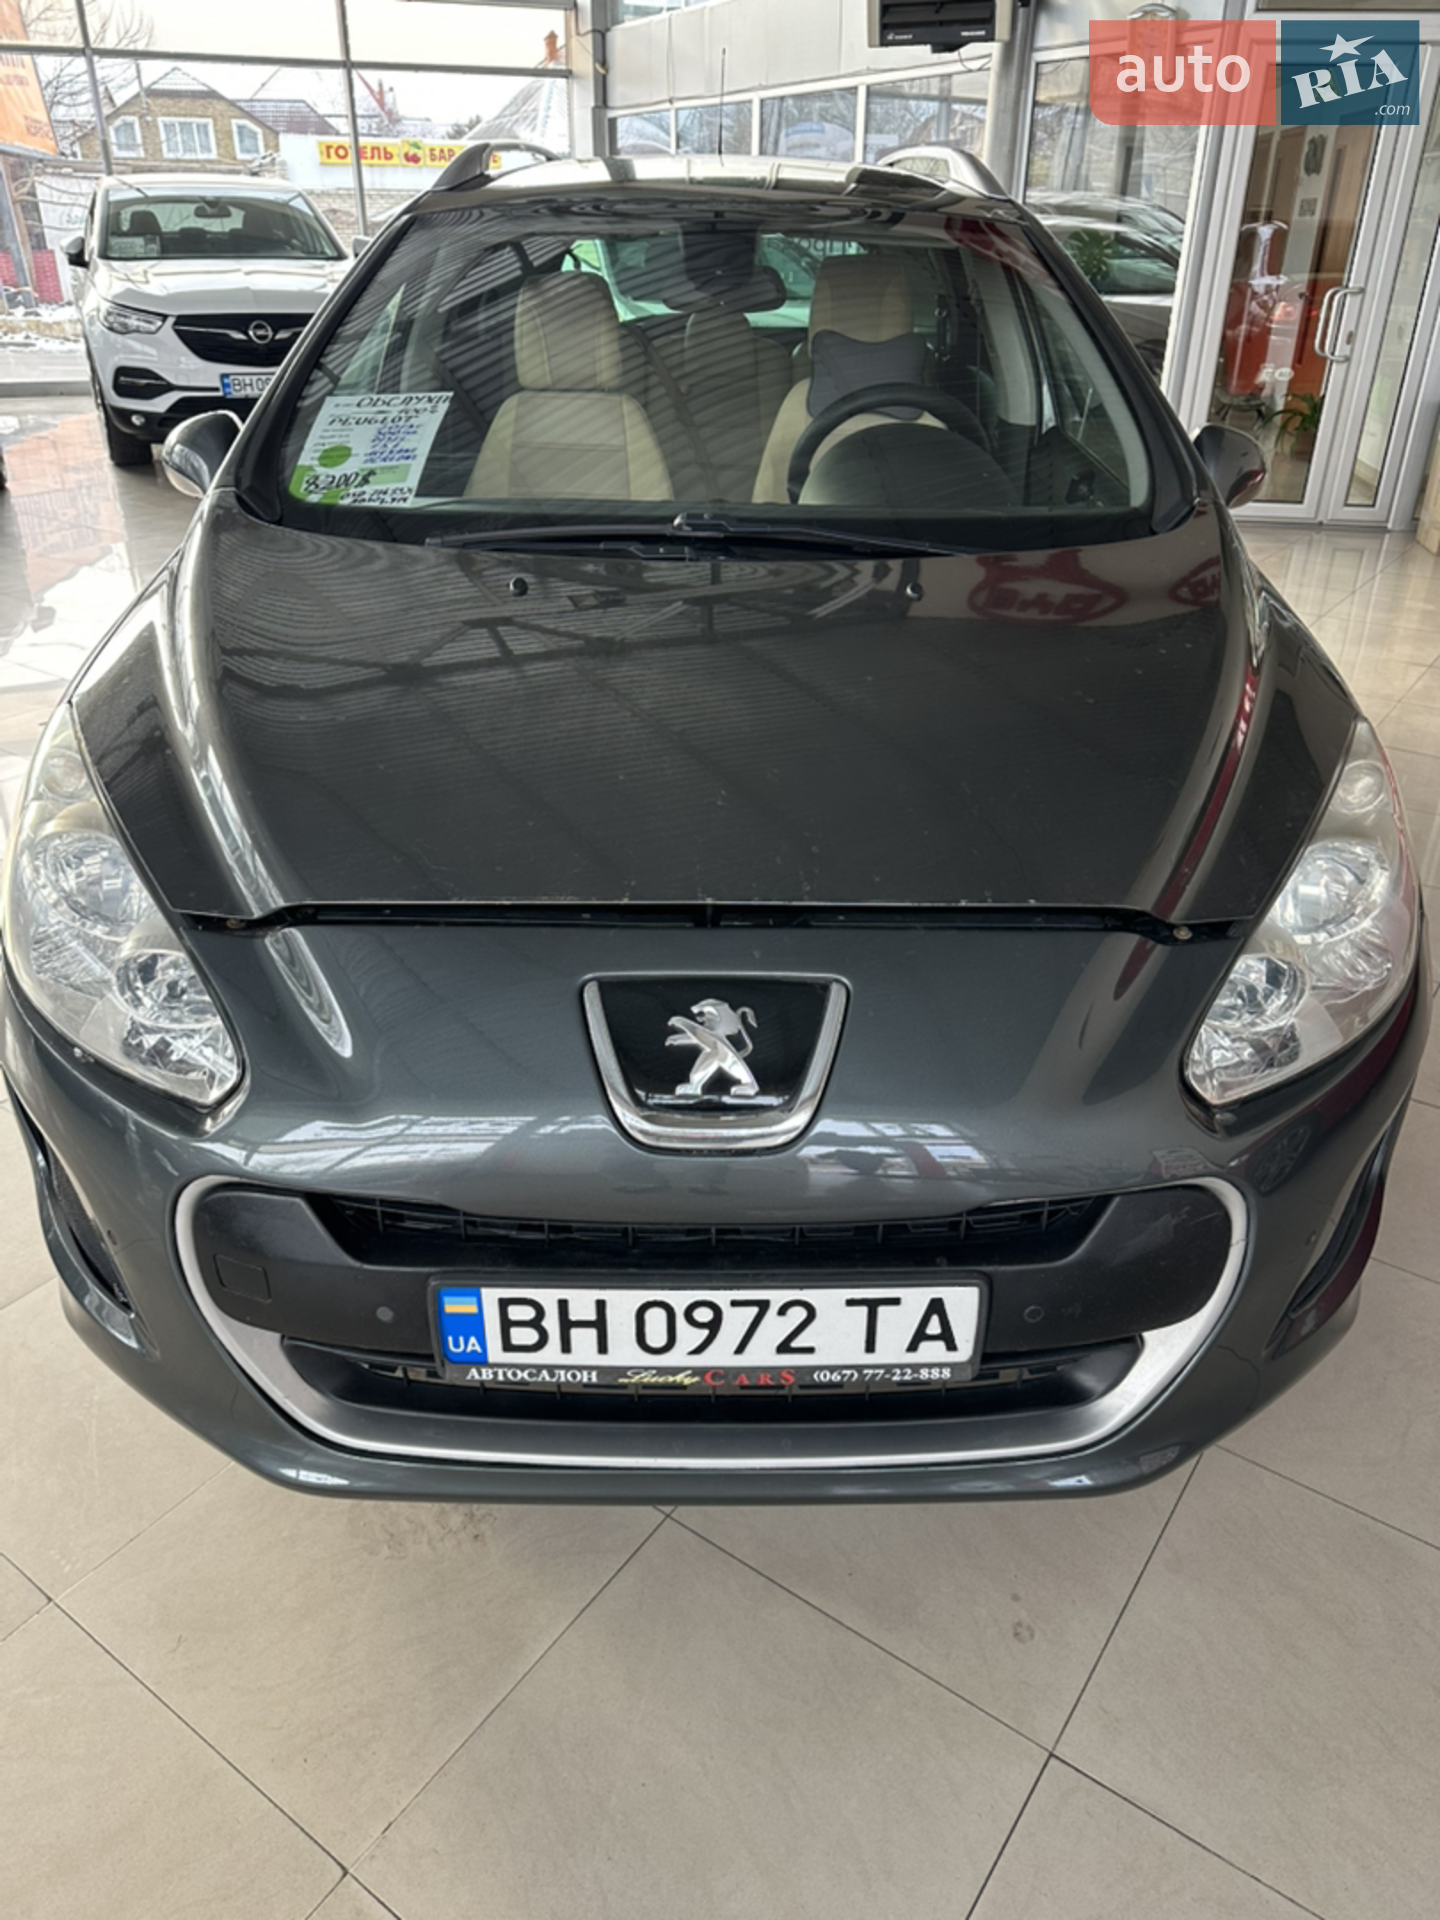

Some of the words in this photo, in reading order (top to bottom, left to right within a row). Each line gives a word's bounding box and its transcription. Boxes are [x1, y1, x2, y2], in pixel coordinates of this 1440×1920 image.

[324, 144, 394, 161] ГОЕЛЬ
[498, 1297, 609, 1355] BH
[634, 1299, 817, 1356] 0972
[845, 1296, 959, 1354] TA
[448, 1336, 483, 1354] UA
[465, 1367, 598, 1383] АВТОСАЛОН
[618, 1368, 701, 1386] Lucky
[813, 1369, 858, 1382] (067)
[863, 1367, 952, 1381] 77-22-888
- - -
Your goal: Repeat the data above exactly, leaving out any pictures it holds.

Result below:
Some of the words in this photo, in reading order (top to bottom, left to right within a row). Each line gives a word's bounding box and its transcription. Boxes are [x1, y1, x2, y2], in pixel coordinates of this 1440×1920 image.

[324, 144, 394, 161] ГОЕЛЬ
[498, 1297, 609, 1355] BH
[634, 1299, 817, 1356] 0972
[845, 1296, 959, 1354] TA
[448, 1336, 483, 1354] UA
[465, 1367, 598, 1383] АВТОСАЛОН
[618, 1368, 701, 1386] Lucky
[813, 1369, 858, 1382] (067)
[863, 1367, 952, 1381] 77-22-888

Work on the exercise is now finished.